Your task is to output the entries below word for word.
[Data provided]
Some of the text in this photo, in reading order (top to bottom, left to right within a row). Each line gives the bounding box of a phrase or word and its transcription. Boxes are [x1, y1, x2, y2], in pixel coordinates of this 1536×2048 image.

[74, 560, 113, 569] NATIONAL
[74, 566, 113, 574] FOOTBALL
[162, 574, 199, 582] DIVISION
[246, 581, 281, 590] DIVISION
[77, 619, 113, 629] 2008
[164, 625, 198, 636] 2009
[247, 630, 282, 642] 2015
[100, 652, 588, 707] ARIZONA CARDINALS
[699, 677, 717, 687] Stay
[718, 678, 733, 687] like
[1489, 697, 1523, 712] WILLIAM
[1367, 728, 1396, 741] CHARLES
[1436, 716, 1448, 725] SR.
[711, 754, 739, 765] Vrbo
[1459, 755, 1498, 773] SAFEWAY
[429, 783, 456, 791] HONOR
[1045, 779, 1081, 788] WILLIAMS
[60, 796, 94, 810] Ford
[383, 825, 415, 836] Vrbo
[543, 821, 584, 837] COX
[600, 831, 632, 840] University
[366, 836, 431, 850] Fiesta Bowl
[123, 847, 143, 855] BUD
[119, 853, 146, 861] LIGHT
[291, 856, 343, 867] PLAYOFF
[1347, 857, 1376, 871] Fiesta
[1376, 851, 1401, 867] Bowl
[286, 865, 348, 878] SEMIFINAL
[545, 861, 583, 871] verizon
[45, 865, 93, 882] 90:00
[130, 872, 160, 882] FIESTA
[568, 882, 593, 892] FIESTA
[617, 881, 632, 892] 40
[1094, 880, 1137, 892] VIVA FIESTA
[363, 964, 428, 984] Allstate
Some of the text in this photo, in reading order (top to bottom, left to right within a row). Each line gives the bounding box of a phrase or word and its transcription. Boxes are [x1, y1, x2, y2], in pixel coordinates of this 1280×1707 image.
[/Data provided]
▸ **Written answer**
Some of the text in this photo, in reading order (top to bottom, left to right within a row). Each line gives the bounding box of a phrase or word and its transcription. Boxes are [x1, y1, x2, y2], in pixel coordinates of this 1536×2048 image.

[74, 560, 113, 569] NATIONAL
[74, 566, 113, 574] FOOTBALL
[162, 574, 199, 582] DIVISION
[246, 581, 281, 590] DIVISION
[77, 619, 113, 629] 2008
[164, 625, 198, 636] 2009
[247, 630, 282, 642] 2015
[100, 652, 588, 707] ARIZONA CARDINALS
[699, 677, 717, 687] Stay
[718, 678, 733, 687] like
[1489, 697, 1523, 712] WILLIAM
[1367, 728, 1396, 741] CHARLES
[1436, 716, 1448, 725] SR.
[711, 754, 739, 765] Vrbo
[1459, 755, 1498, 773] SAFEWAY
[429, 783, 456, 791] HONOR
[1045, 779, 1081, 788] WILLIAMS
[60, 796, 94, 810] Ford
[383, 825, 415, 836] Vrbo
[543, 821, 584, 837] COX
[600, 831, 632, 840] University
[366, 836, 431, 850] Fiesta Bowl
[123, 847, 143, 855] BUD
[119, 853, 146, 861] LIGHT
[291, 856, 343, 867] PLAYOFF
[1347, 857, 1376, 871] Fiesta
[1376, 851, 1401, 867] Bowl
[286, 865, 348, 878] SEMIFINAL
[545, 861, 583, 871] verizon
[45, 865, 93, 882] 90:00
[130, 872, 160, 882] FIESTA
[568, 882, 593, 892] FIESTA
[617, 881, 632, 892] 40
[1094, 880, 1137, 892] VIVA FIESTA
[363, 964, 428, 984] Allstate
Some of the text in this photo, in reading order (top to bottom, left to right within a row). Each line gives the bounding box of a phrase or word and its transcription. Boxes are [x1, y1, x2, y2], in pixel coordinates of this 1280×1707 image.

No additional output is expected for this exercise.